What you should do
Return the listing in full and exactly, but without a single picture.

Material for this exercise
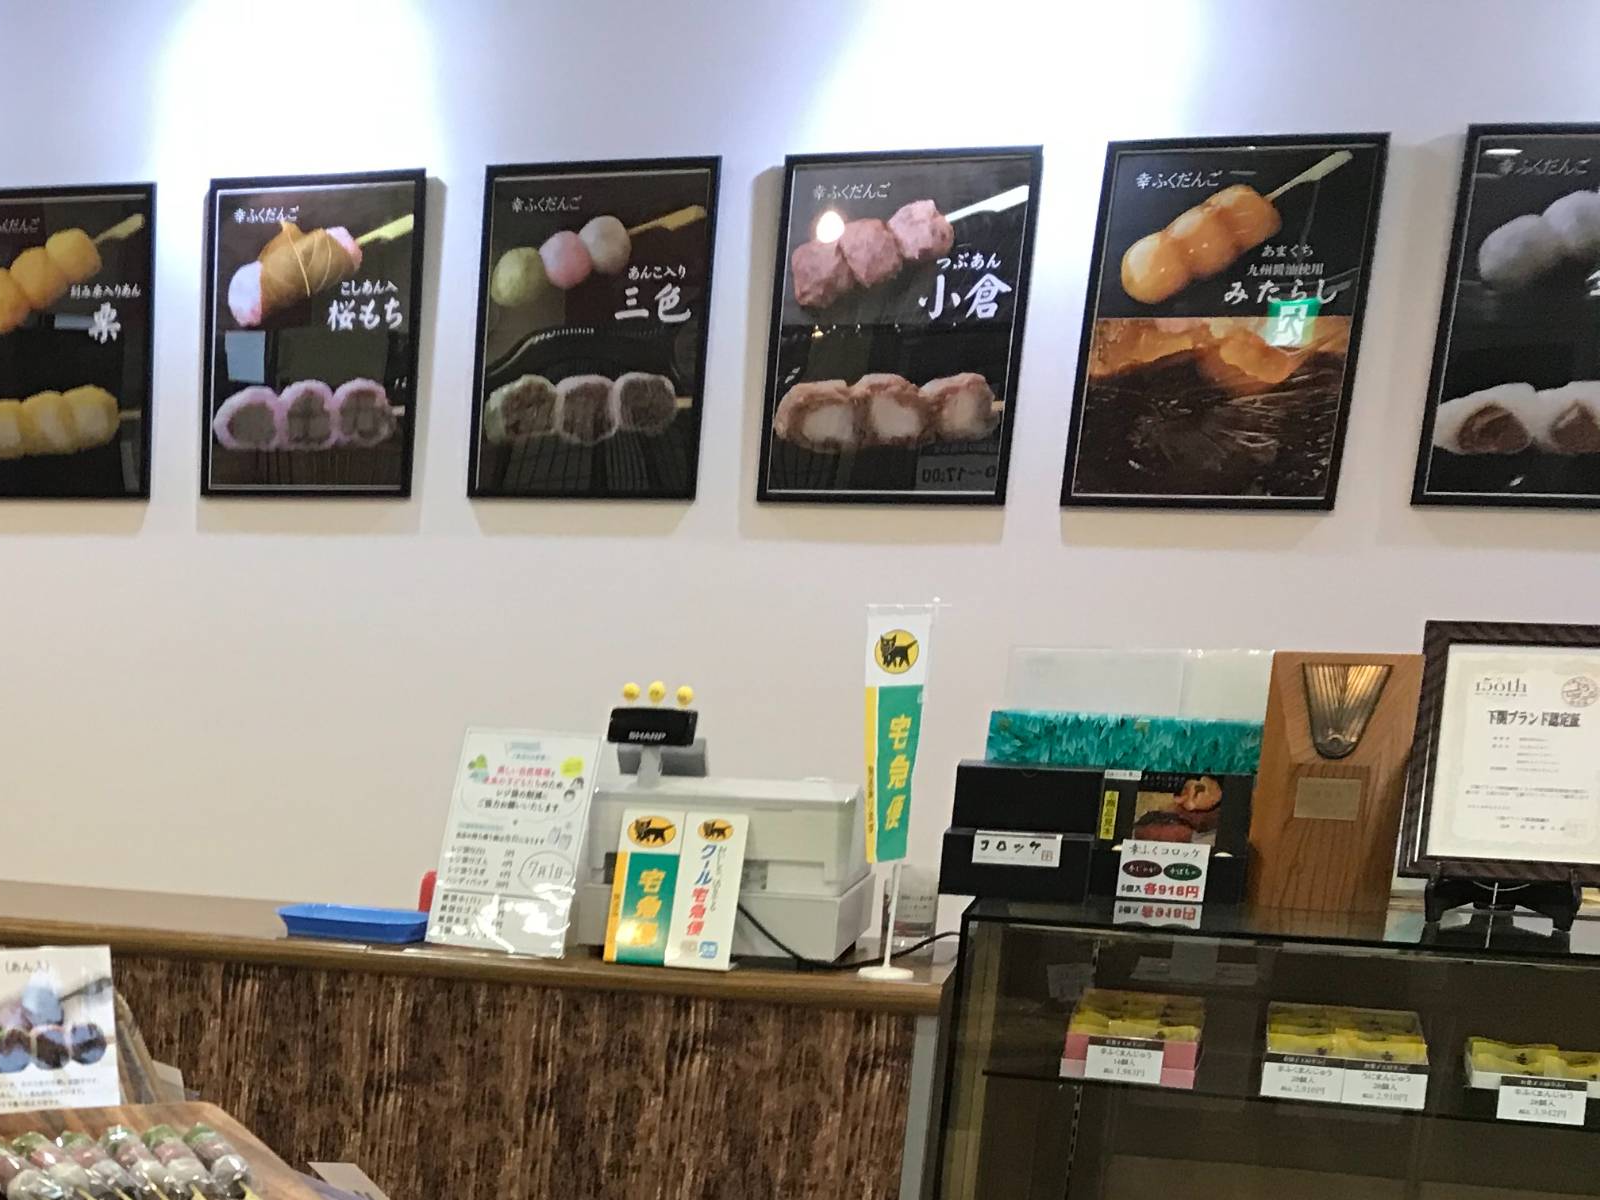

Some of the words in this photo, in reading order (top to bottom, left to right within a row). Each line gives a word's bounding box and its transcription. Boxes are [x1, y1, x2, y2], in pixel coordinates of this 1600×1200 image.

[1135, 170, 1223, 191] 幸ふくだんご
[812, 181, 892, 201] 幸ふくだんご
[511, 194, 583, 214] 幸ふくだんご
[233, 205, 300, 224] 幸ふくだんご
[1261, 244, 1314, 258] あまくち
[935, 252, 1002, 271] つぶあん
[627, 264, 687, 281] あんこ入り
[918, 274, 1013, 320] 小倉
[1223, 279, 1339, 305] みたらし
[613, 284, 692, 323] 三色
[327, 297, 403, 332] 桜もち
[1488, 710, 1581, 728] 下関ブランド認定証
[628, 730, 667, 742] SHARP
[884, 713, 912, 832] 宅急便
[980, 839, 1042, 852] コロッケ
[1129, 842, 1200, 858] 幸ふくコロッケ
[1143, 882, 1200, 898] 各918円
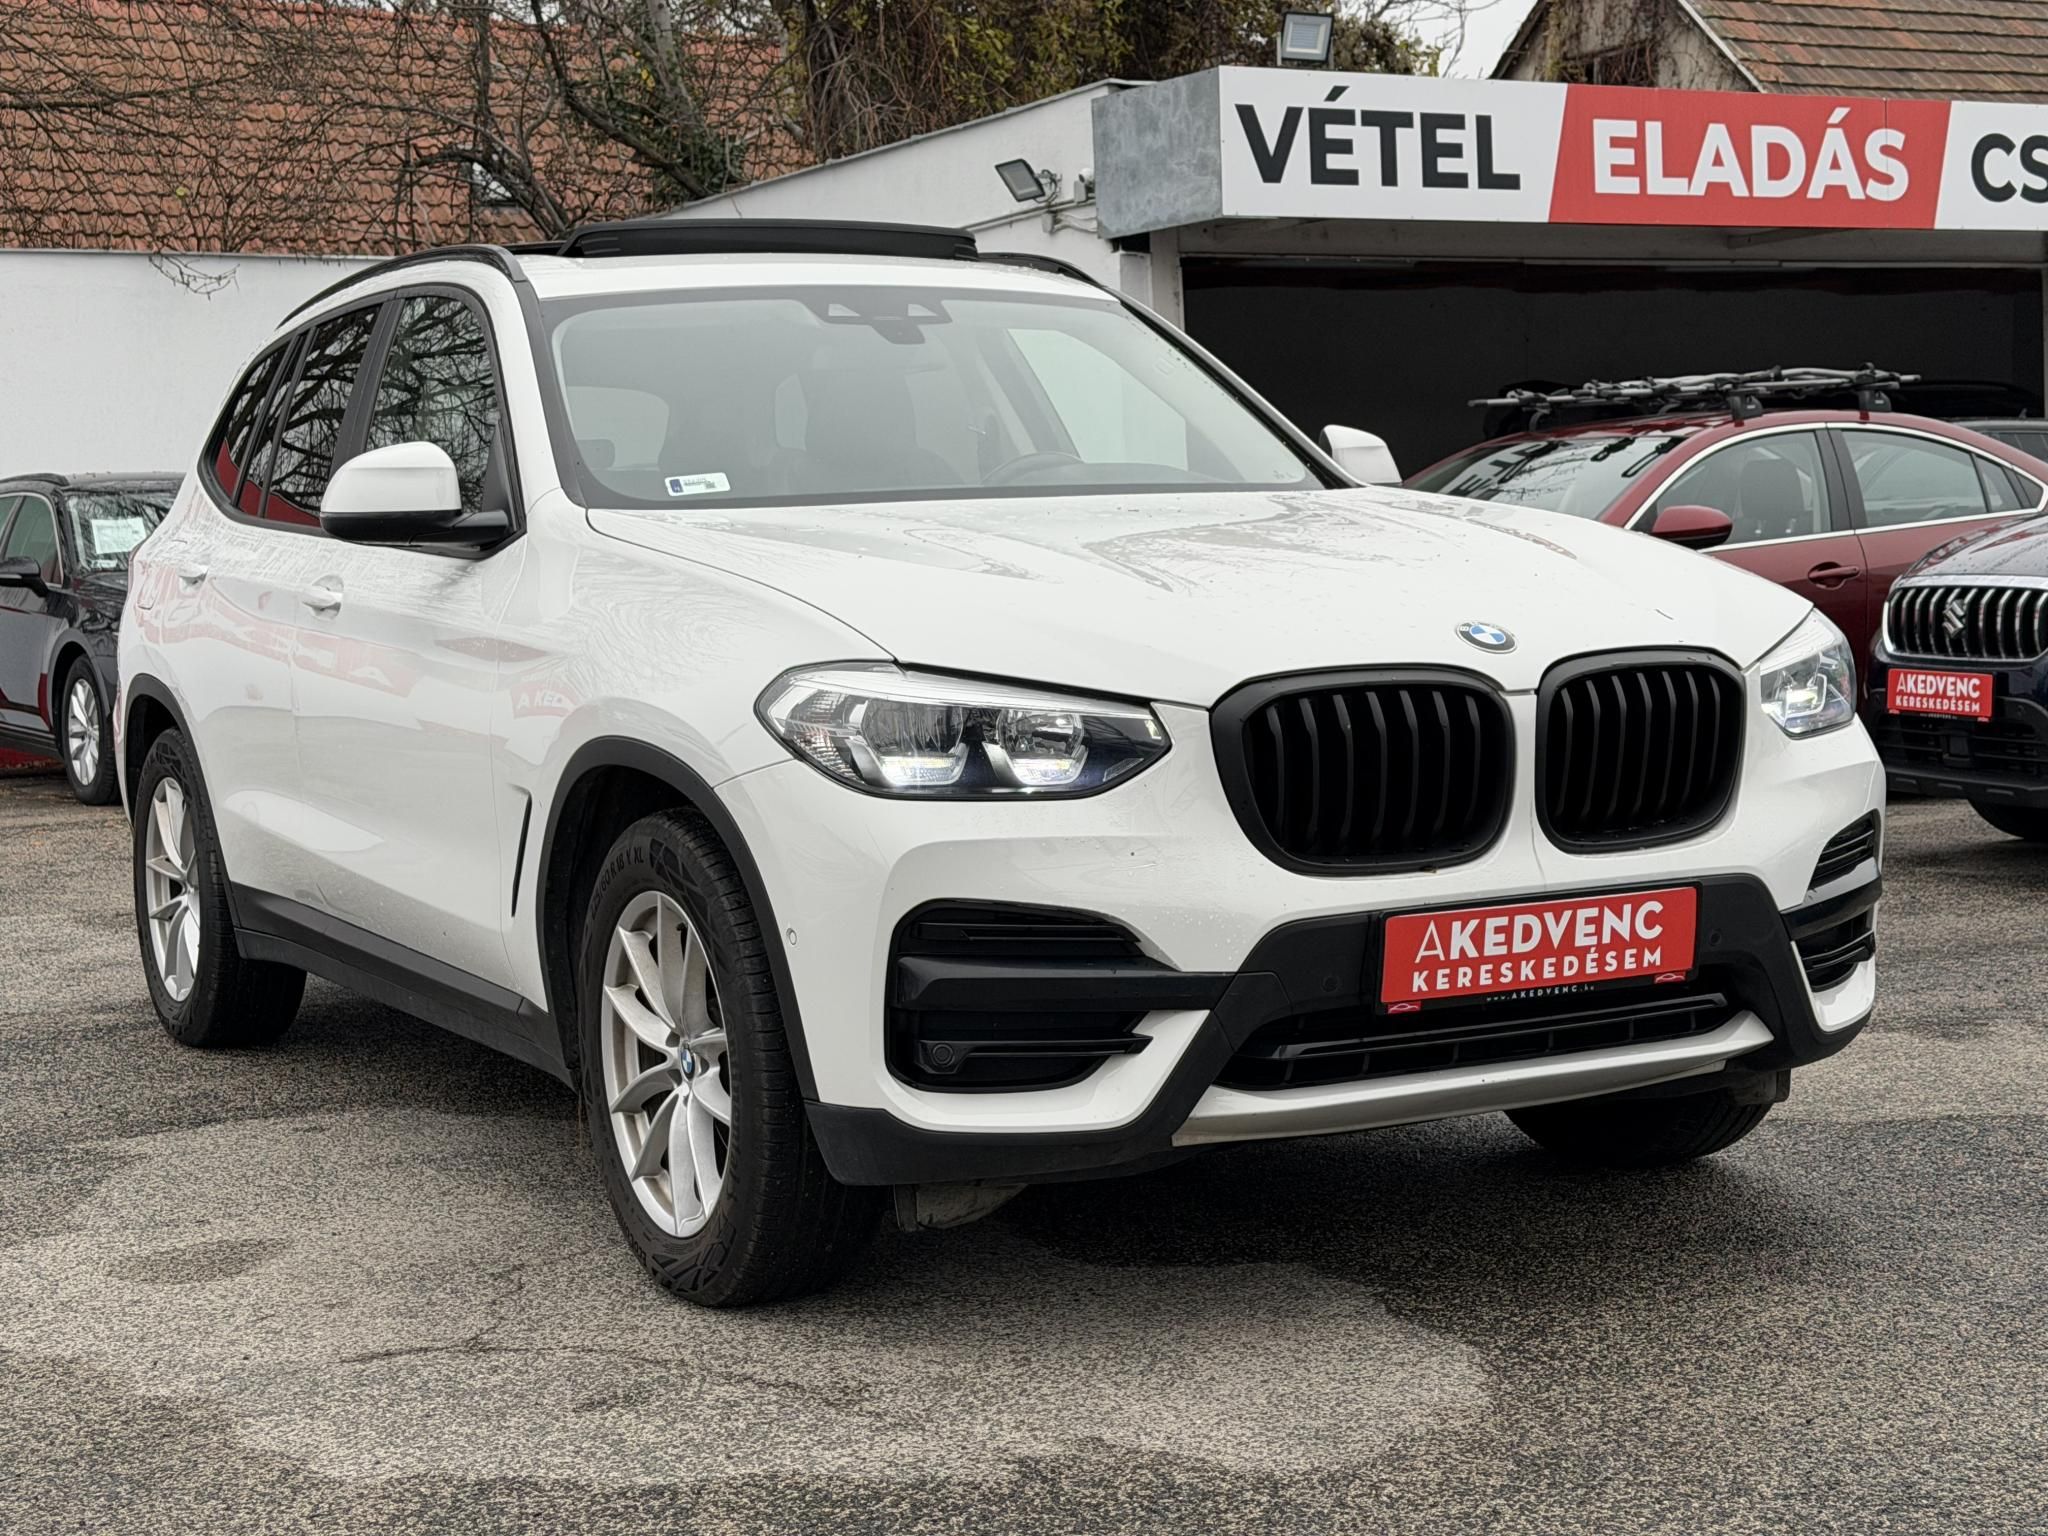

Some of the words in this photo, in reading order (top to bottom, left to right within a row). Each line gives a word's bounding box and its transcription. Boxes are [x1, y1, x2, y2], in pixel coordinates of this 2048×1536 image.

[1235, 85, 1521, 191] VÉTEL
[1593, 107, 1910, 202] ELADÁS
[1971, 133, 2048, 204] CS
[1895, 695, 1981, 713] KERESKEDÉSEM
[1896, 673, 1981, 698] AKEDVENC
[1415, 900, 1664, 963] AKEDVENC
[1412, 947, 1662, 993] KERESKEDÉSEM

Expected answer
Some of the words in this photo, in reading order (top to bottom, left to right within a row). Each line gives a word's bounding box and its transcription. Boxes are [x1, y1, x2, y2], in pixel coordinates of this 1600×1200 image.

[1135, 170, 1223, 191] 幸ふくだんご
[812, 181, 892, 201] 幸ふくだんご
[511, 194, 583, 214] 幸ふくだんご
[233, 205, 300, 224] 幸ふくだんご
[1261, 244, 1314, 258] あまくち
[935, 252, 1002, 271] つぶあん
[627, 264, 687, 281] あんこ入り
[918, 274, 1013, 320] 小倉
[1223, 279, 1339, 305] みたらし
[613, 284, 692, 323] 三色
[327, 297, 403, 332] 桜もち
[1488, 710, 1581, 728] 下関ブランド認定証
[628, 730, 667, 742] SHARP
[884, 713, 912, 832] 宅急便
[980, 839, 1042, 852] コロッケ
[1129, 842, 1200, 858] 幸ふくコロッケ
[1143, 882, 1200, 898] 各918円

Some of the words in this photo, in reading order (top to bottom, left to right within a row). Each line gives a word's bounding box and its transcription. Boxes are [x1, y1, x2, y2], in pixel coordinates of this 2048×1536 image.

[1235, 85, 1521, 191] VÉTEL
[1593, 107, 1910, 202] ELADÁS
[1971, 133, 2048, 204] CS
[1895, 695, 1981, 713] KERESKEDÉSEM
[1896, 673, 1981, 698] AKEDVENC
[1415, 900, 1664, 963] AKEDVENC
[1412, 947, 1662, 993] KERESKEDÉSEM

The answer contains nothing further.